What to work on
Print the line that has "this 1467×1654 image." in it, then every remaining line of the data, exactly and without anything extra.

Records from a data collection

★ ★ ★

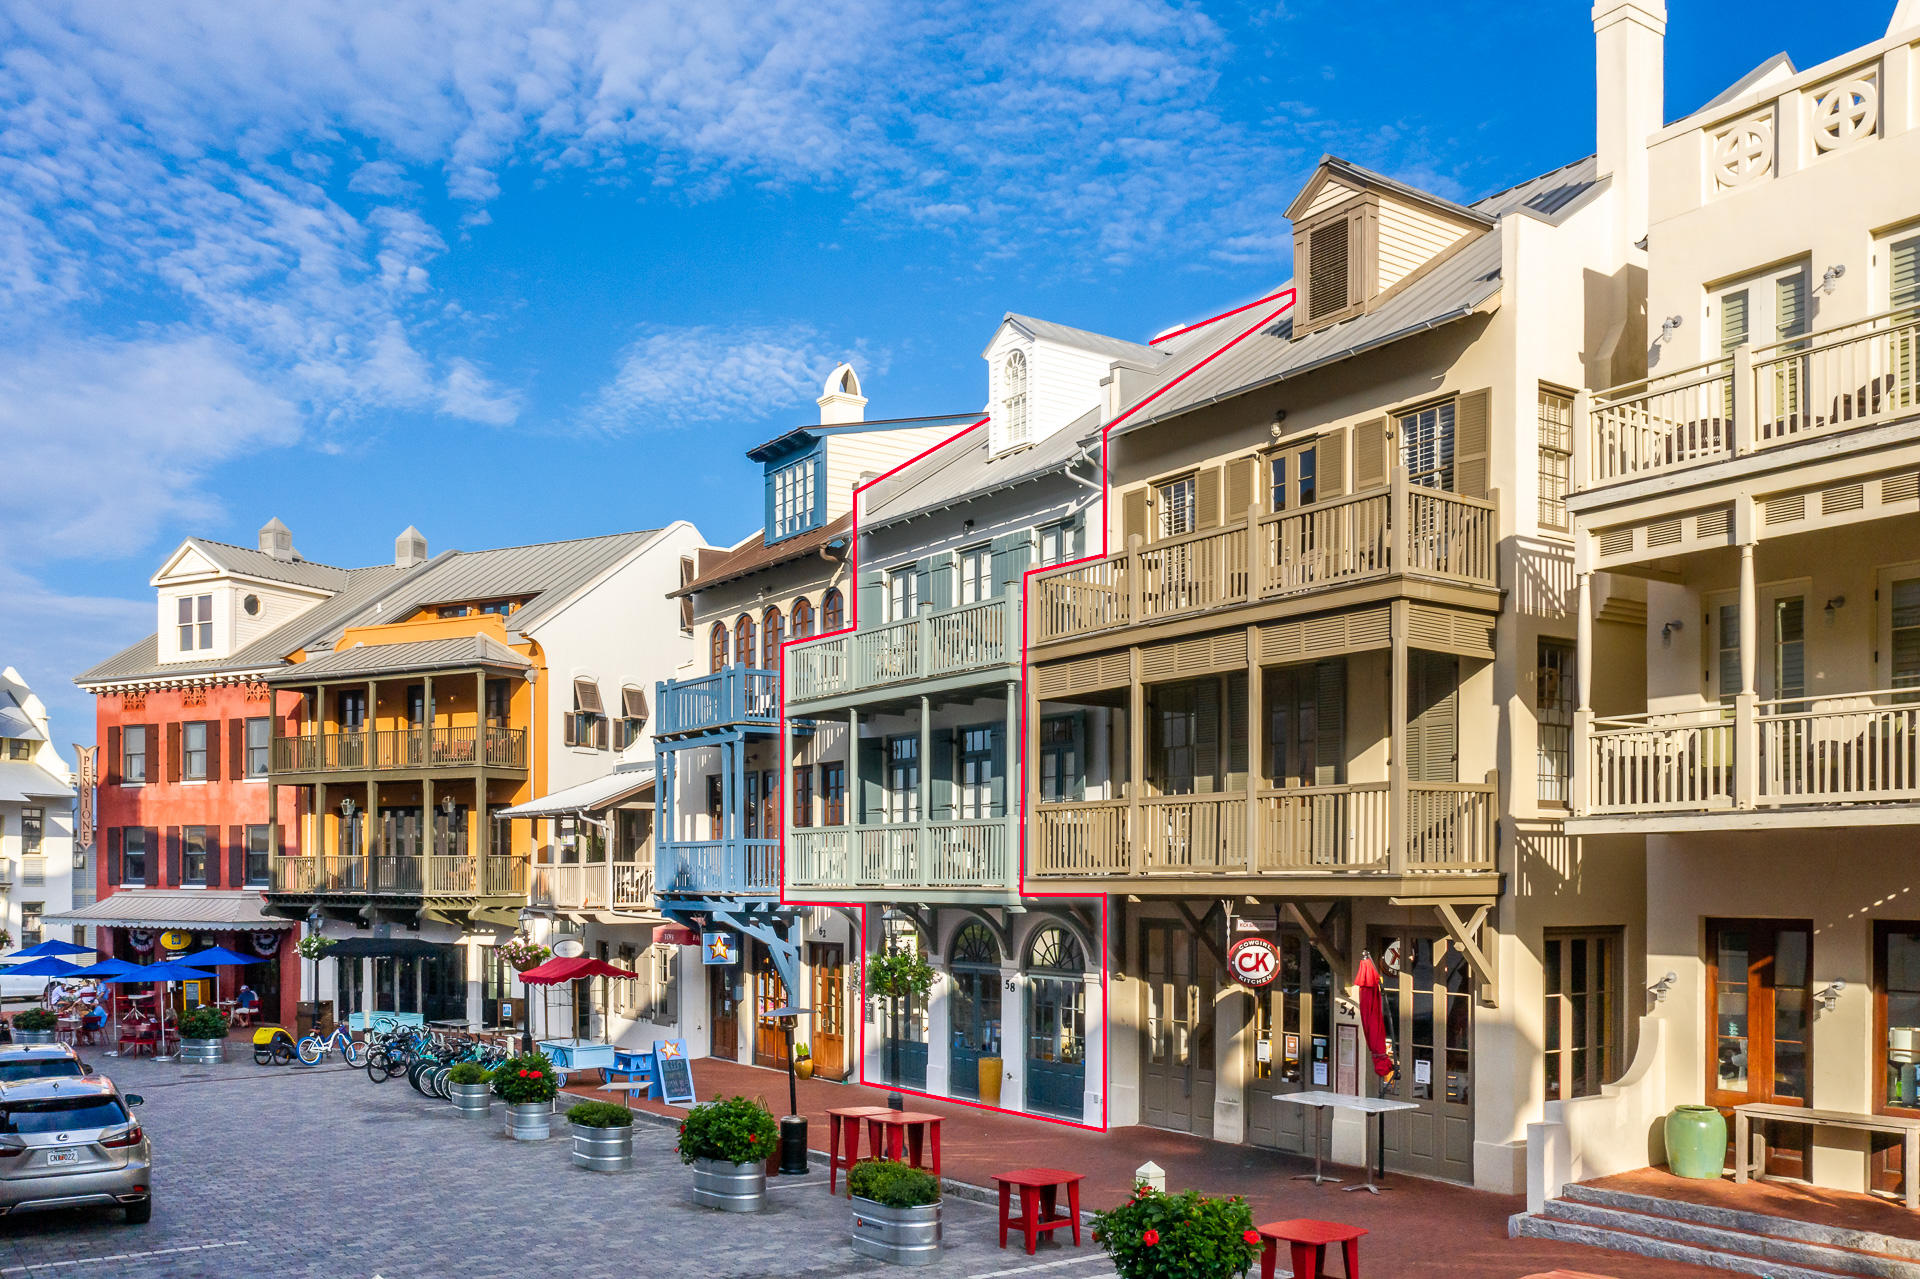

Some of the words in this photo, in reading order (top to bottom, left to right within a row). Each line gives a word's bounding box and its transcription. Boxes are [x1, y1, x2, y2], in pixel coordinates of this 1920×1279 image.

[82, 755, 91, 841] PENSIONE
[818, 926, 827, 938] 62
[1238, 939, 1272, 951] COWGIRL
[1238, 952, 1270, 972] CK
[1238, 974, 1273, 985] KITCHEN
[1005, 980, 1015, 992] 58
[1340, 1003, 1355, 1019] 54
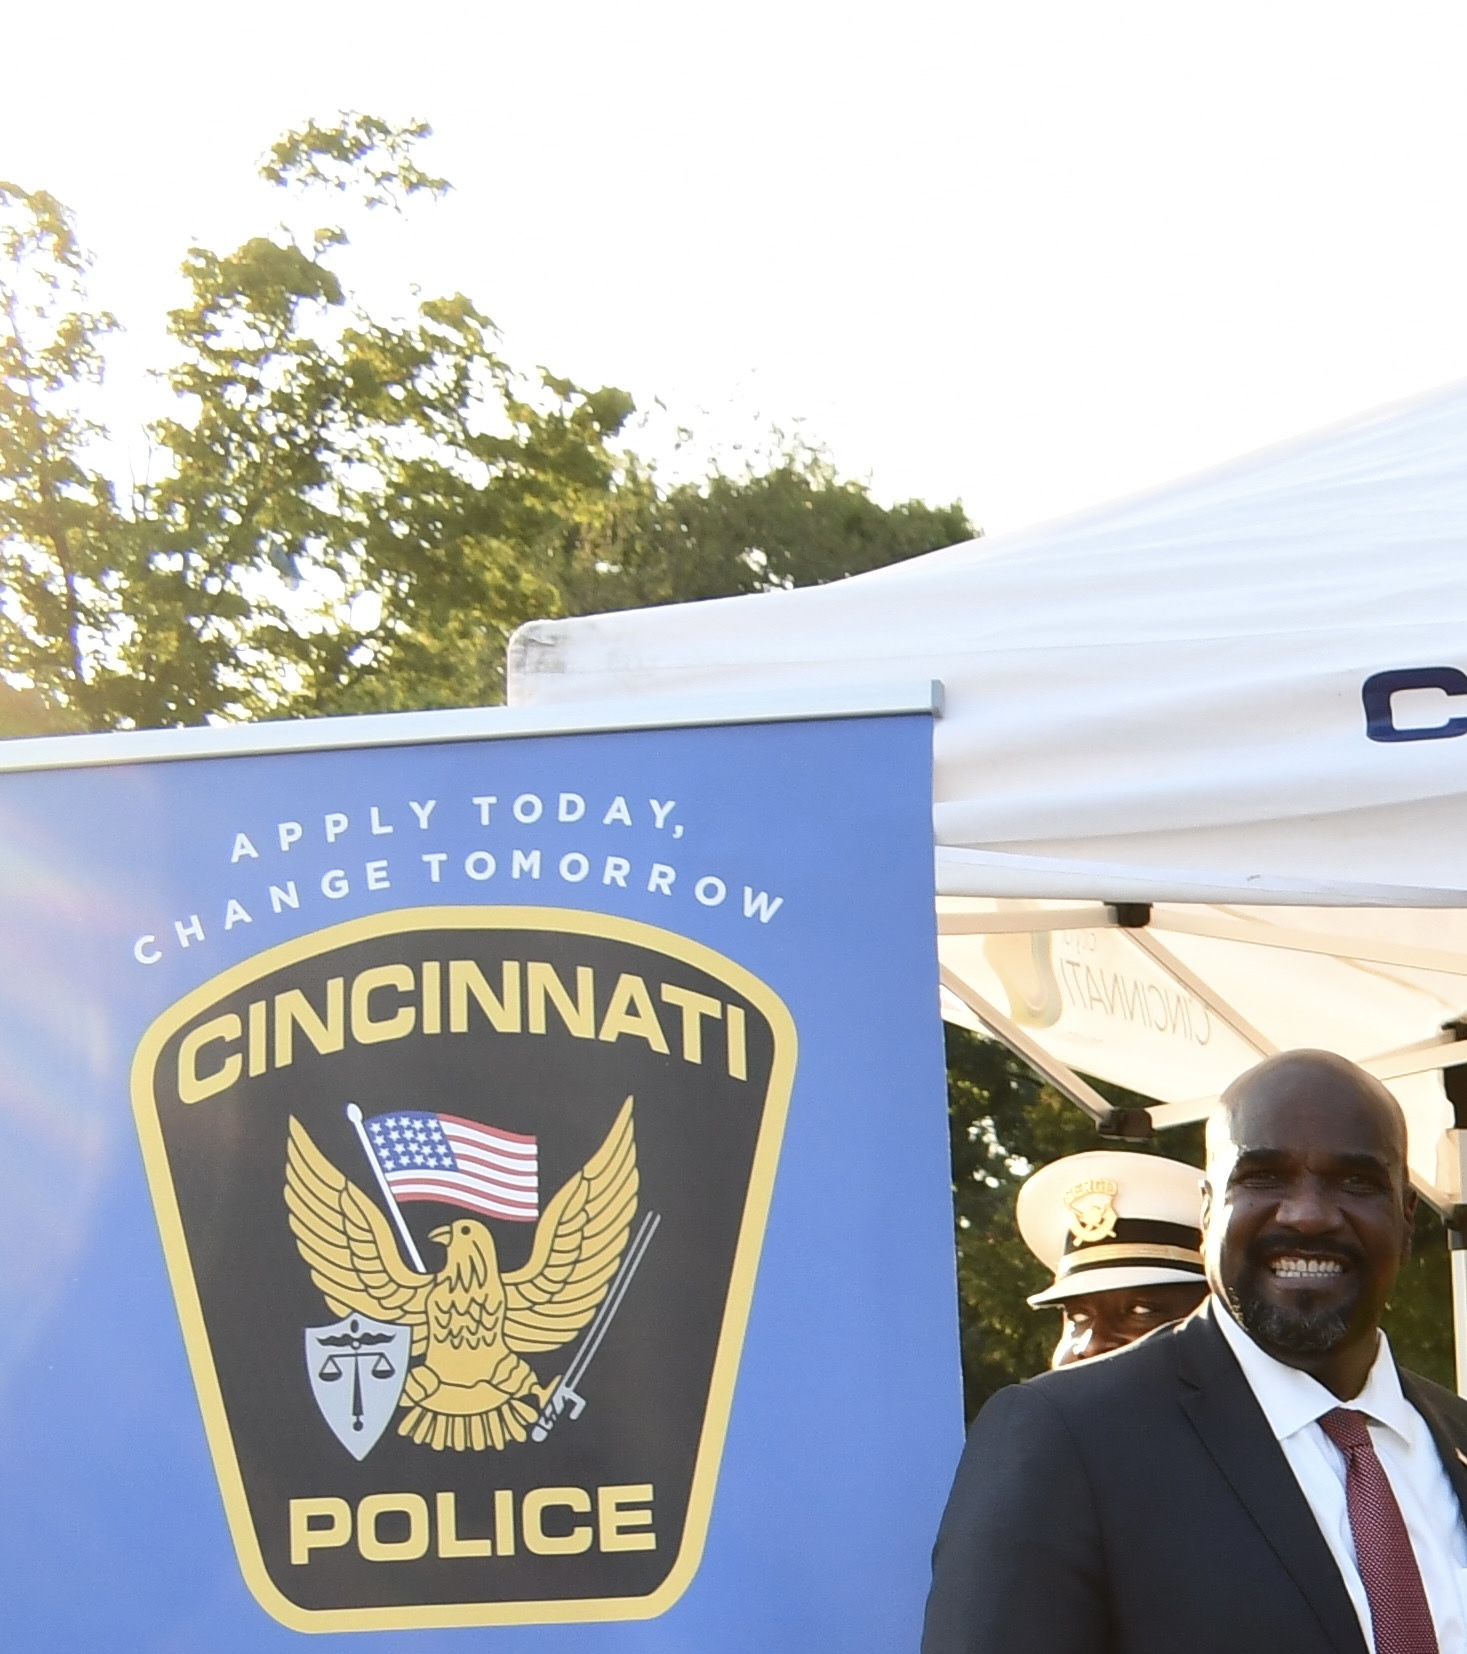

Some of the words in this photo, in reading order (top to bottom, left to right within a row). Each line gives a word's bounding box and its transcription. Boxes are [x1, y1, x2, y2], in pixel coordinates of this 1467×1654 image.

[230, 800, 437, 862] APPLY
[473, 793, 685, 839] TODAY,
[133, 859, 390, 965] CHANGE
[423, 850, 784, 924] TOMORROW
[177, 959, 750, 1105] CINCINNATI
[288, 1484, 658, 1565] POLICE

★ ★ ★

Written response
Some of the words in this photo, in reading order (top to bottom, left to right within a row). Each line gives a word's bounding box and its transcription. Boxes are [x1, y1, x2, y2], in pixel coordinates of this 1467×1654 image.

[230, 800, 437, 862] APPLY
[473, 793, 685, 839] TODAY,
[133, 859, 390, 965] CHANGE
[423, 850, 784, 924] TOMORROW
[177, 959, 750, 1105] CINCINNATI
[288, 1484, 658, 1565] POLICE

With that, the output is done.